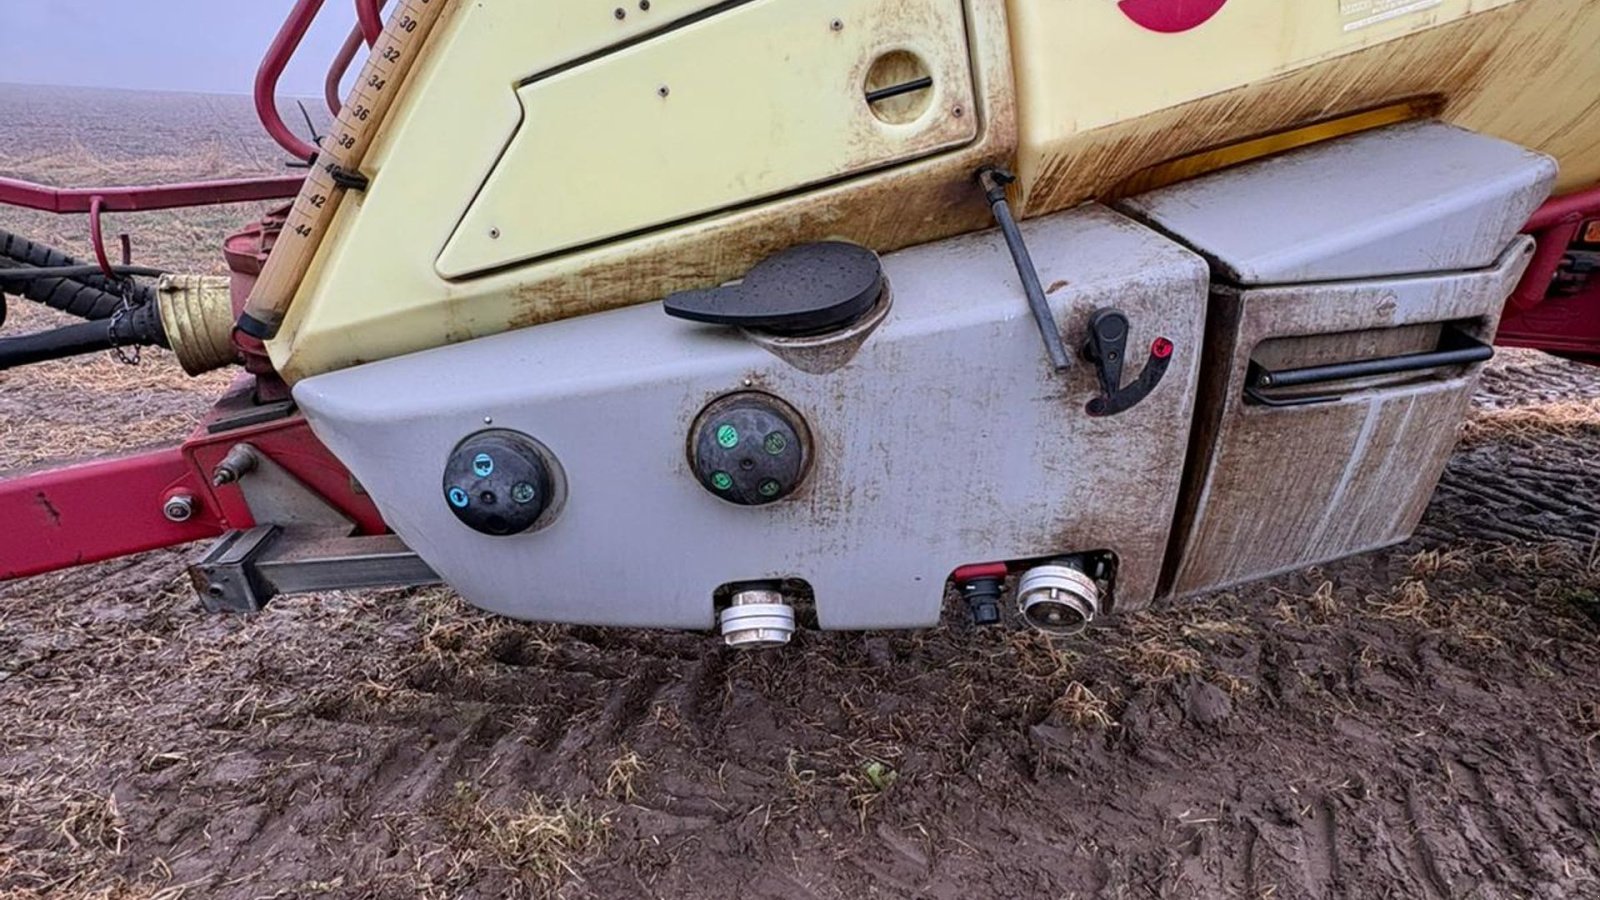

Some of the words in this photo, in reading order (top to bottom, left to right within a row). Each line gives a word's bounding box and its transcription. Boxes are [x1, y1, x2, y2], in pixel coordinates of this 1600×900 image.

[400, 16, 417, 33] 30
[383, 46, 400, 63] 32
[368, 75, 386, 91] 34
[353, 105, 370, 121] 36
[338, 133, 355, 150] 38
[310, 194, 326, 209] 42
[295, 224, 312, 238] 44
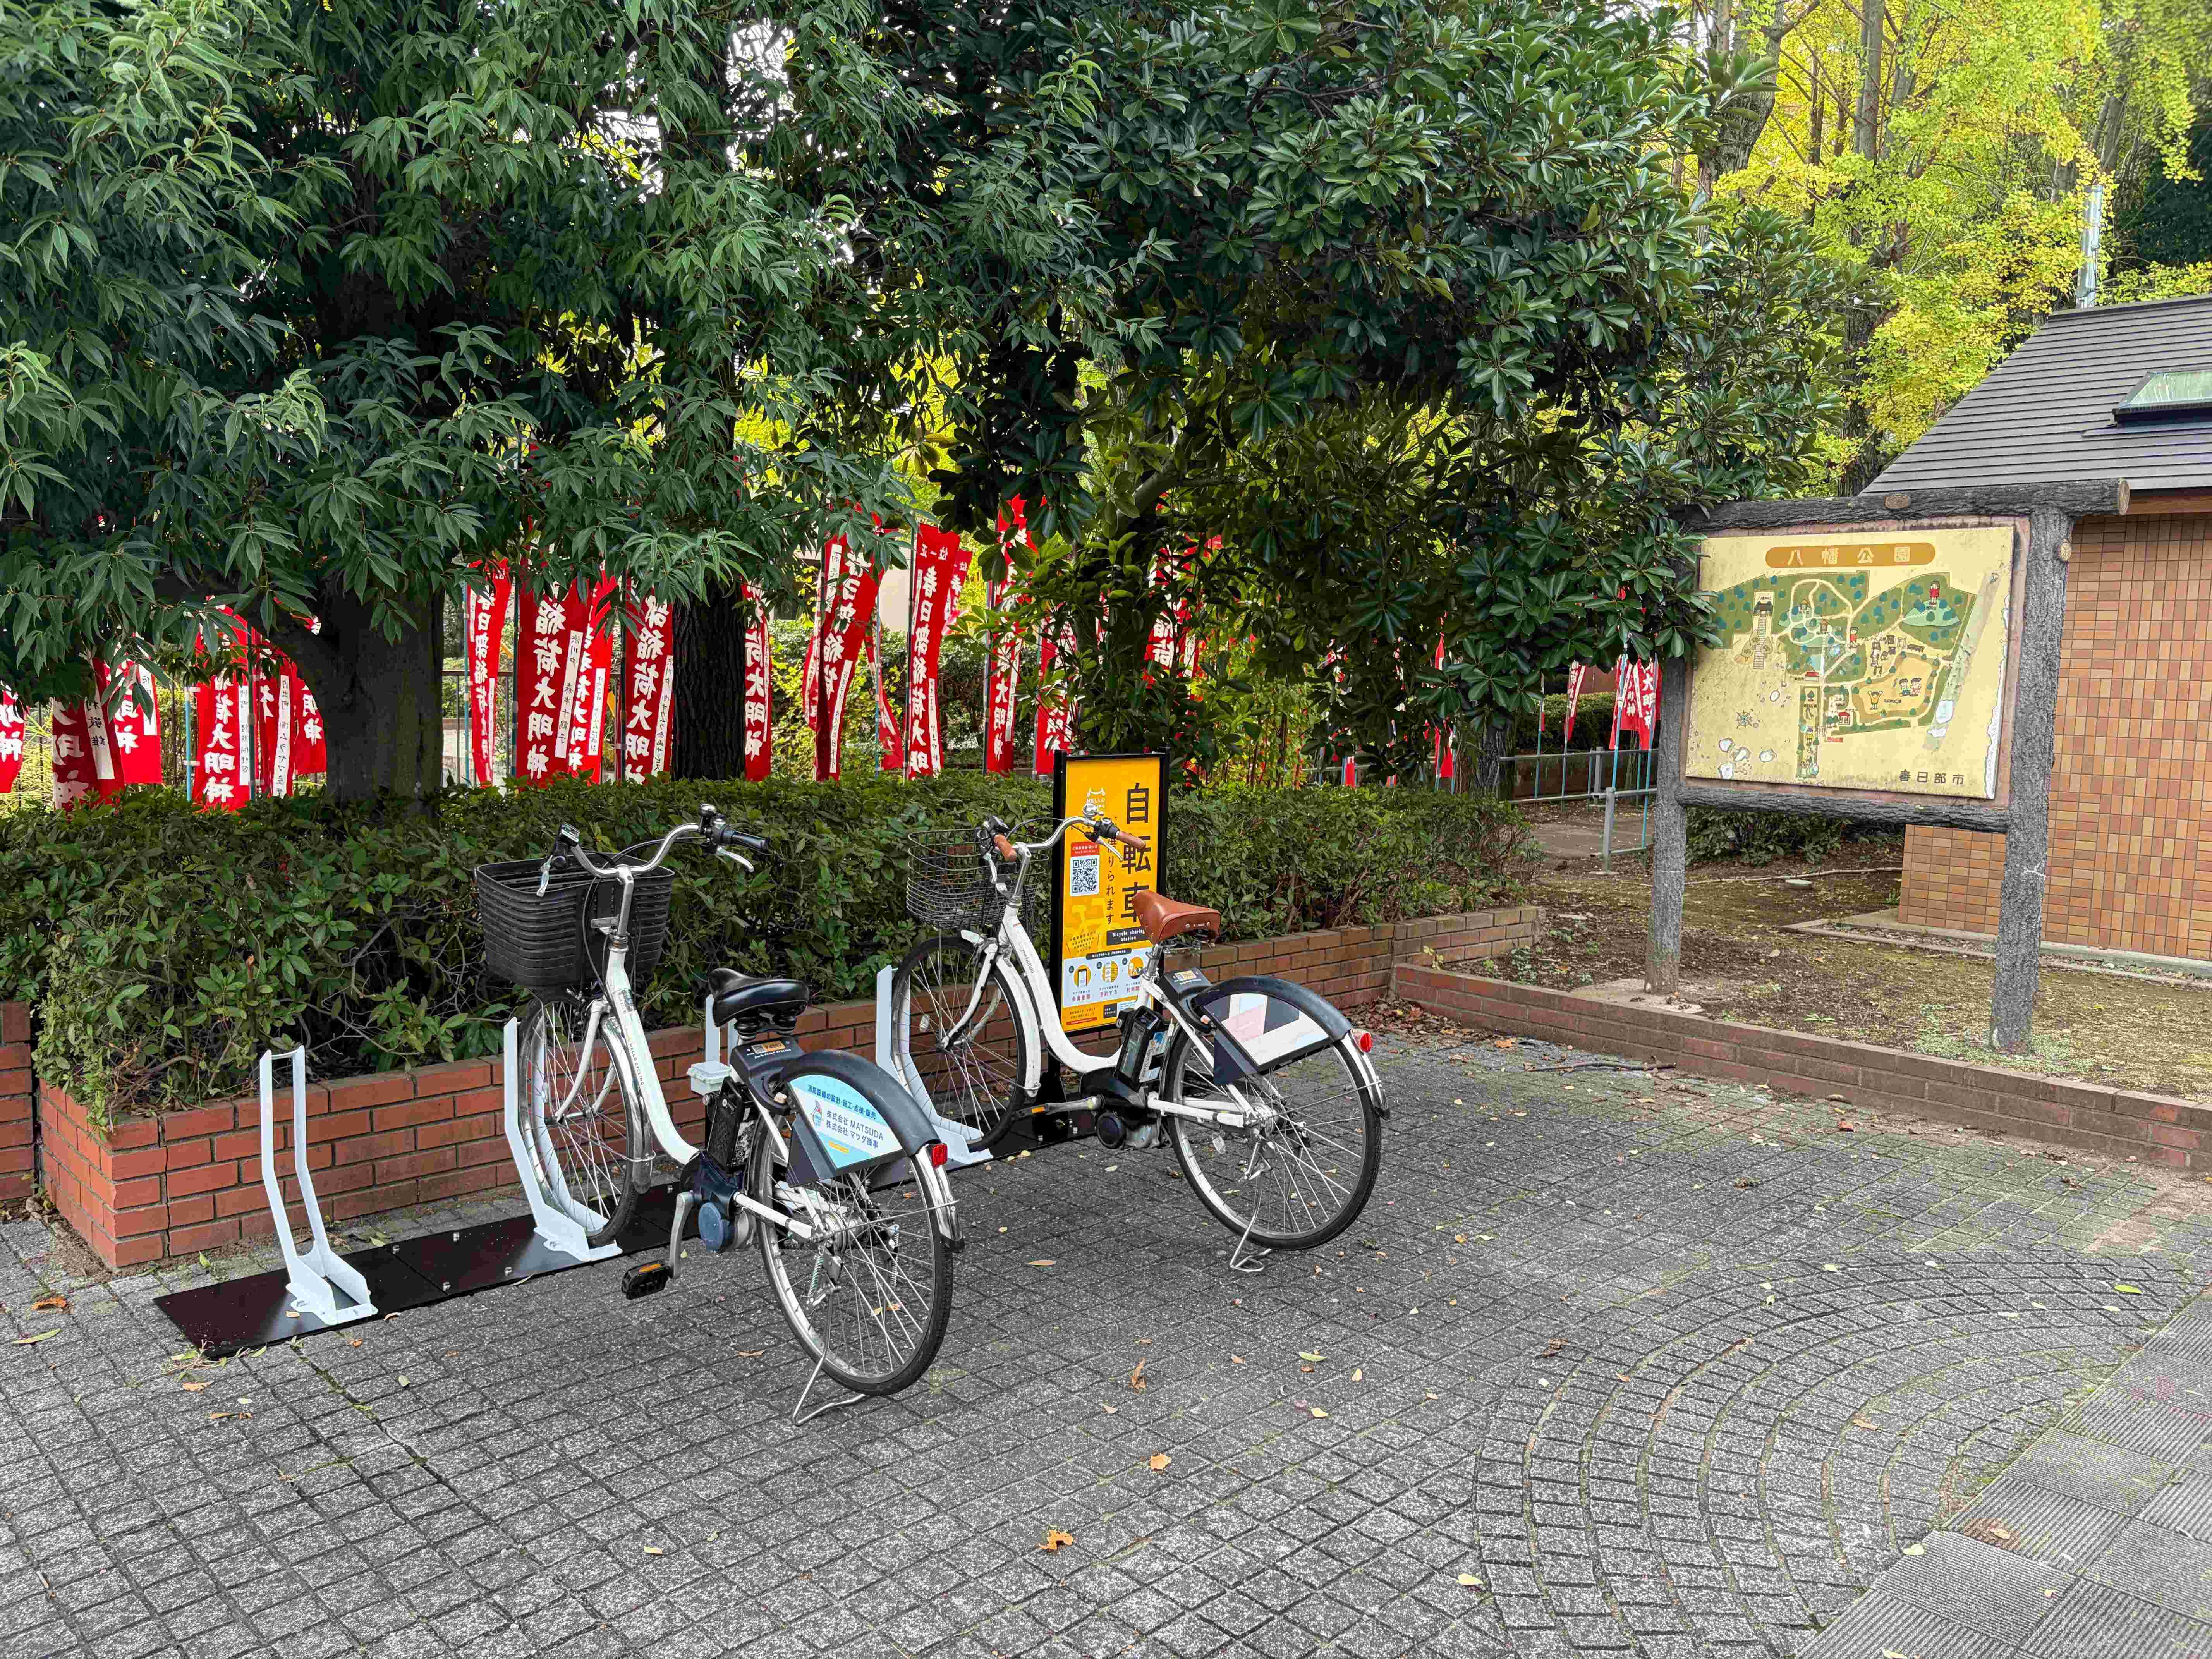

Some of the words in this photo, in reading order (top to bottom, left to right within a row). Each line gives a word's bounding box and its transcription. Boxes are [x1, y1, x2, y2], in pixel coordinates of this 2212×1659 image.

——

TASK BRIEF
Print the material precisely as given, dropping any images it holds.

EXERCISE ANSWER
Some of the words in this photo, in reading order (top to bottom, left to right within a row). Each line gives a word's bounding box and its transcription. Boxes are [x1, y1, x2, y2], in pixel coordinates of this 1600×900 image.

[400, 16, 417, 33] 30
[383, 46, 400, 63] 32
[368, 75, 386, 91] 34
[353, 105, 370, 121] 36
[338, 133, 355, 150] 38
[310, 194, 326, 209] 42
[295, 224, 312, 238] 44

Some of the words in this photo, in reading order (top to bottom, left to right within a row). Each line gives a word's bounding box and its transcription. Boxes are [x1, y1, x2, y2], in pixel coordinates of this 2212×1659 image.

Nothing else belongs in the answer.